Chem-/Bio- Sensors, Marine Biogeochemistry, Trace Elements, Environmental Analytical Chemistry

My research focuses on the development of bio/chemical sensors for in-situ studying elemental cycling and biogeochemical reaction dynamics in the marine sediments. A major theme in my research is to understand the spatial and temporal distributions and dynamics of solutes and bioactive metals associated with the benthic infaunal community, and to conceptualize heterogeneous biogeochemical transport – reaction processes in bioturbated deposits. The tools and techniques to multi-dimensionally measure solutes and trace elements in natural sediment do not exist, so the development of new methodology is an important part of my research.

One part of my research is to develop unique planar optical sensors and to quantitatively relate multidimensional patterns in sediment composition, for example, pore water solute or solid phase distributions and dynamics, to specific biogeochemical reaction rates and material fluxes by using the sensors. Compositional changes with depth in deposits are usually assumed steady and to occur in an overall average vertical progression. Significant heterogeneity and complex three dimensional reaction patterns over millimeter to meter scales can result, however, from the activities of bottom dwelling fauna. High resolution quantification of the multi-dimensional distributions of pore water solutes are thus essential for fundamental understanding of chemical diagenesis and elemental cycling in surficial sediments. Because the bioturbated zone in organic-rich surficial sediments is typically characterized by intense and complex coupling between multiple redox reactions associated with O2, H+, CO2, Mn(II), Fe(II), S(II-), nitrate, and exoenzyme. Thus, we are particularly interested in solutes consumed or generated by these reactions. My group and I have been developing 2-D optical sensors for these parameters and studying mechanisms of element transport – reaction processes in marine deposites.

Another important research activity in my lab is to study the biogeochemical cycling of micronutrient vitamins in marine system. Vitamins are naturally-occurring trace organic compounds essential for biological growth and functioning. Vitamin B12, for example, is a cobalt-containing coenzyme specifically required by most marine phytoplankton and is important in the regulation of primary production. With funding from NSF, we have been developing sensitive and specific ELISA methods for B12 analysis and investigating B12 potential source, distribution and transport in marine system. My group and I are current studying ultra-sensitive and specific biosensors for in-situ measurement of vitamin B12 in ocean and investigating B12 biogeochemical cycling and the transport – reaction processes controlling B12 behavior in sedimentary deposits and overlying water.

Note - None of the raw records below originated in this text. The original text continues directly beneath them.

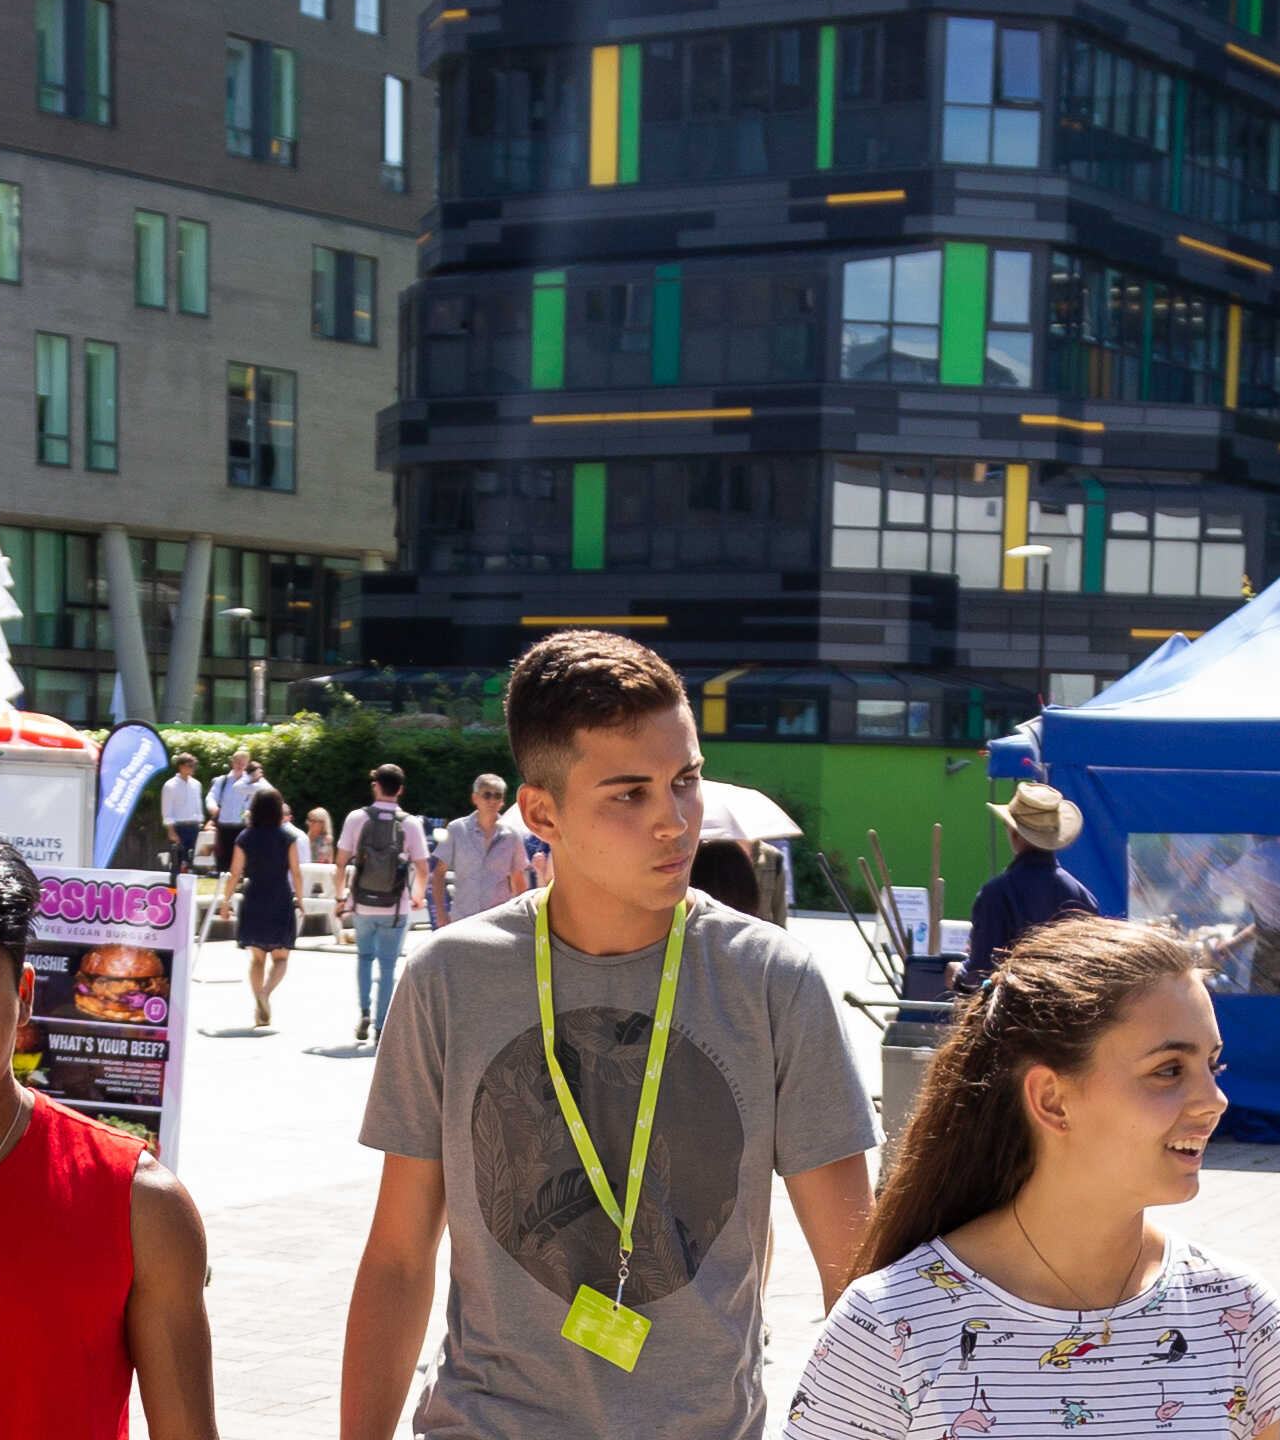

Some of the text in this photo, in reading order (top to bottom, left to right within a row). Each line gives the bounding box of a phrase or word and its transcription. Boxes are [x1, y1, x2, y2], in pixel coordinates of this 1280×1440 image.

[34, 877, 176, 929] OSHIES
[68, 926, 101, 937] VEGAN
[106, 929, 159, 942] BURGERS
[48, 1033, 166, 1058] WHAT'S YOUR BEEF?
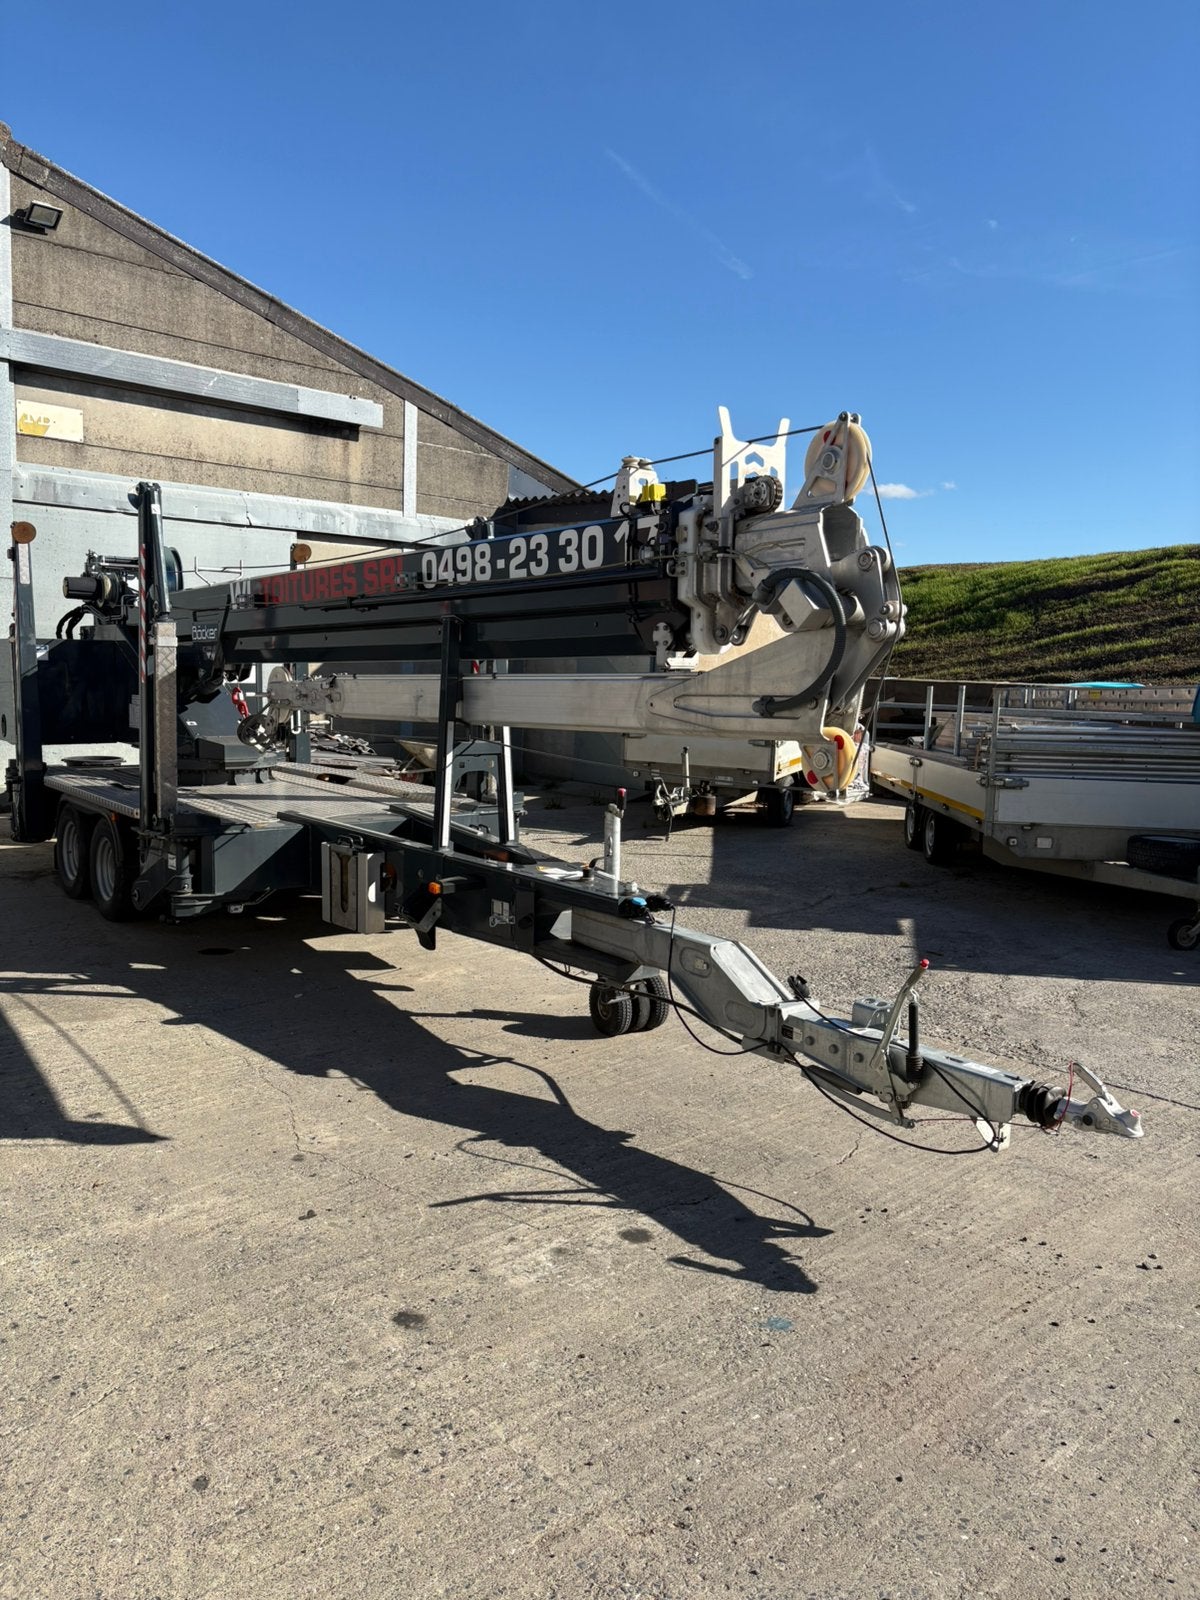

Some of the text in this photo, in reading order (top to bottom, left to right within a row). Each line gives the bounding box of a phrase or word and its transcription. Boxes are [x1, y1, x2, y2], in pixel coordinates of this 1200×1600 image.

[262, 563, 358, 607] TOITURES
[421, 534, 549, 590] 0498-23
[558, 525, 604, 573] 30
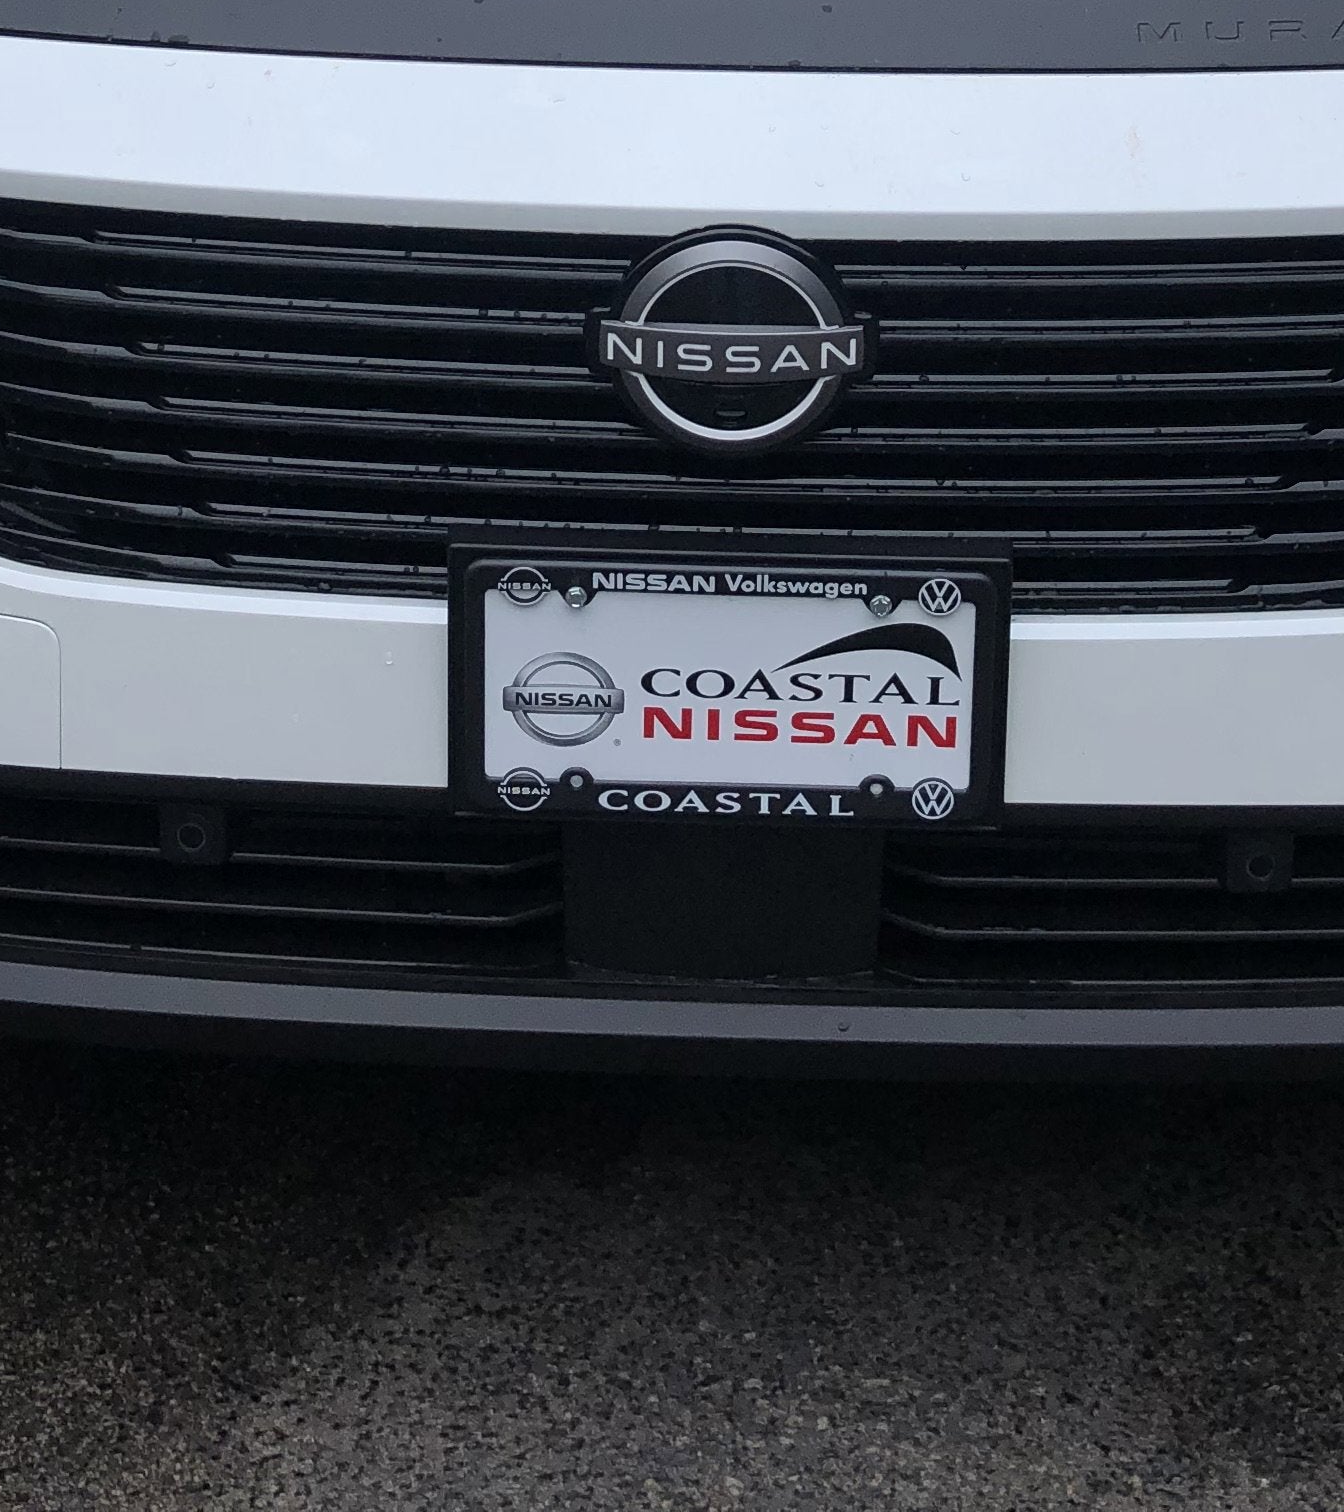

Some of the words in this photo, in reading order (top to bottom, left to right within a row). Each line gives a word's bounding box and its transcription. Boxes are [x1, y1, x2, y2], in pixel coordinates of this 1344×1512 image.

[606, 332, 857, 374] NISSAN
[497, 581, 552, 591] NISSAN
[592, 572, 716, 593] NISSAN
[724, 573, 868, 599] Volkswagen
[514, 691, 613, 708] NISSAN
[640, 668, 960, 707] COASTAL
[642, 706, 958, 749] NISSAN
[497, 786, 551, 796] NISSAN
[597, 789, 854, 817] COASTAL

I am also interested in the monitoring and solution of practical environmental problems arising from metal and metalloid contaminants in estuarine and coastal systems, such as the distribution, speciation and removal of heavy metals. My laboratory has been investigating the distributions of heavy metals (such as Pb, V, Cd, Cr) around plant roots and the characteristics of metal transport into the root and spatial accumulation in the rhizophere using synchrotron radiation and ICPMS techniques. The Trace Element Laboratory has a range of facilities available for the relating research including a 400 sq. ft. class-100 trace metal clean laboratory, a Finnigan MAT Element 2 ICP-MS, a Perkin Elmer GFF-AAS and a HPLC.